この分析結果は,既存の枠組に修正を迫るものである。革新的技術と持続的イノベーションはMcNairやHollandarの小売の輪では議論されていなかった。Nielsenの真空地帯論では所与のフロンティア上での真空地帯への参入と移動を扱っていたため,イノベーションを伴う参入や発展経路を描写してこなかった。また,Levy et al.のビッグ・ミドル仮説が主張する格下げは観察されなかったことから,小売業態に格下げを抑制させるメカニズムを検討する必要があろう。さらに,Christensenの破壊的イノベーション仮説は,低価格・低サービスの破壊的技術を想定したものであるが,高価格・高品質の革新的技術については検討していない。最後に,池尾(2005)による小売業態動態の仮説は,寡占を想定する演繹的な理論モデルであるため,多種多様な業態が入り交じる経年的変動については検討していない。以上の問題を解決しうる理論モデルの提唱は今後の課題である。
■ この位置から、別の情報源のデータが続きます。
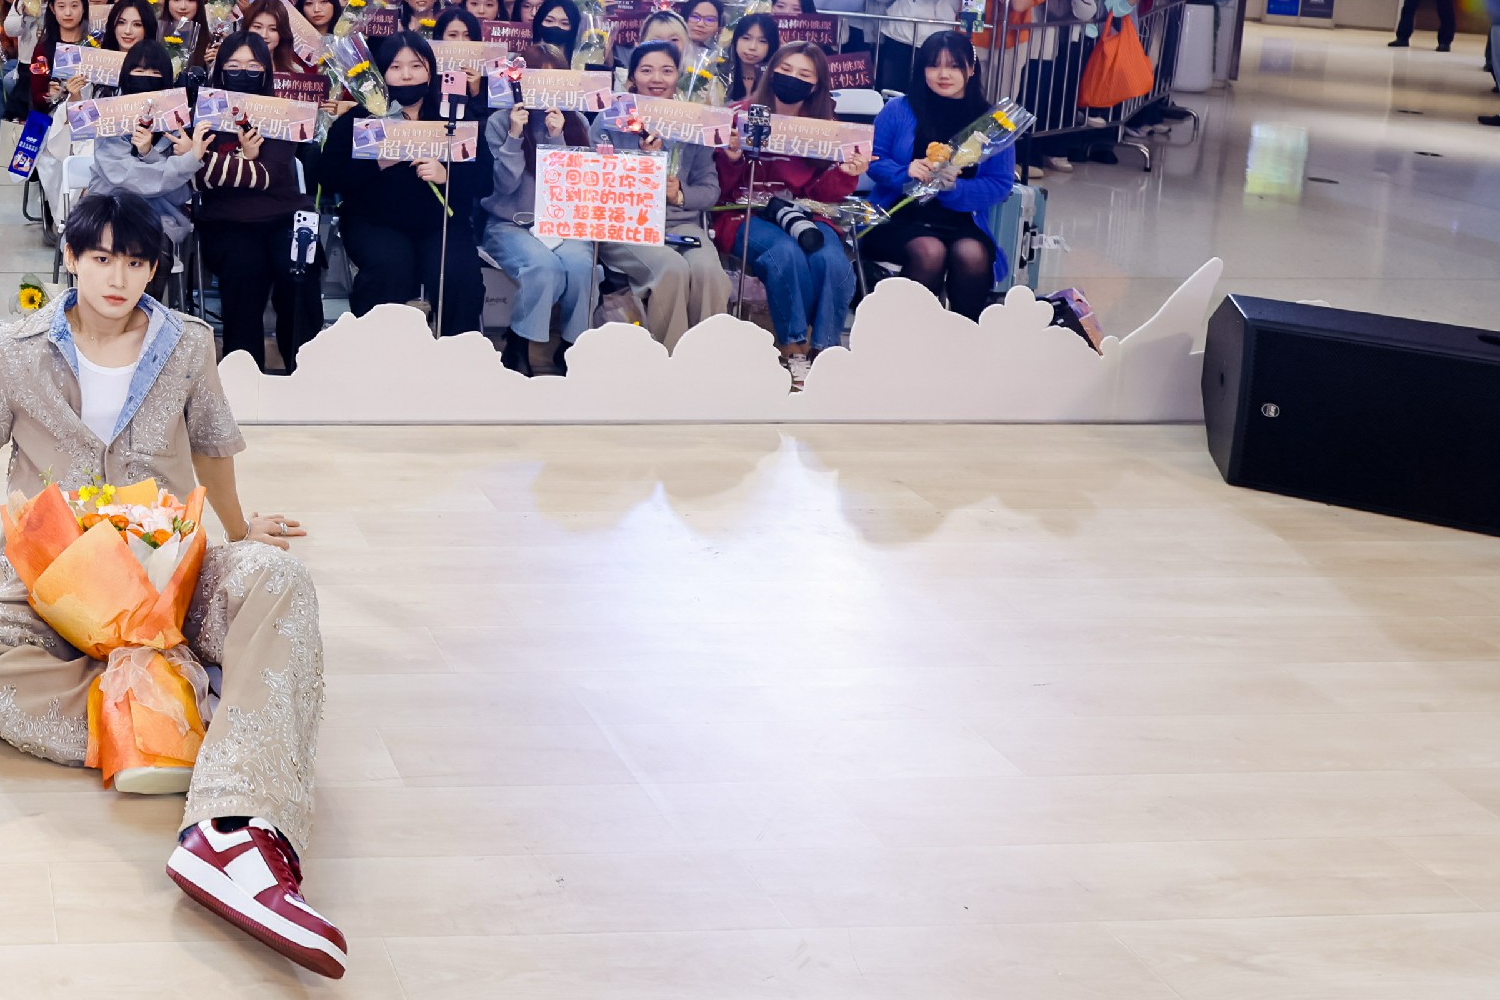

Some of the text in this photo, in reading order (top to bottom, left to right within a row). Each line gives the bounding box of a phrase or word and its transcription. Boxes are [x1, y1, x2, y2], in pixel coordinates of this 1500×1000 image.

発展経路が2つに分かれたのはなぜだろうか。1つの原因は品揃えの広さかもしれない。第5節の記述的分析によると,持続的イノベーションをとった小売業態(百貨店,SM,GMS,CVS,100円ショップ)は,様々な分野で幅広く品揃えをするいわば総合的な小売業態であった。一方,格上げをとった小売業態(家電量販店,HC,ドラッグストア,SPA,ディスカウントストア)は,比較的狭い分野に品揃えを絞り込む小売業態であった。このような品揃えの違いが発展経路の違いをもたらしたのかもしれない。例えば,品揃えが狭い小売業態であれば延期的在庫調整にフィットし,それが広い小売業態は延期で調整しきれず,投機的に在庫調整するようになるものと考えられる。物流処理や情報処理におけるイノベーションは小売業者に延期化を促すが(高嶋,1994),品揃えが広く/深くなるほど,在庫調整に伴う情報処理負荷は高くなる。したがって,イノベーションの延期化効果は品揃えによってモデレートされており,品揃えが広く/深くなるとイノベーションの延期化効果が弱まり,投機的な在庫調整様式に傾くものと考えられる。投機型在庫調整のメリットは規模の経済に基づく低コスト化であることから,より安く,より高いサービスを提供する持続的イノベーションにつながったものと推論される。こうした流通様式と小売業態発展経路の関連性は興味深い問題であり,今後も研究が必要であろう8)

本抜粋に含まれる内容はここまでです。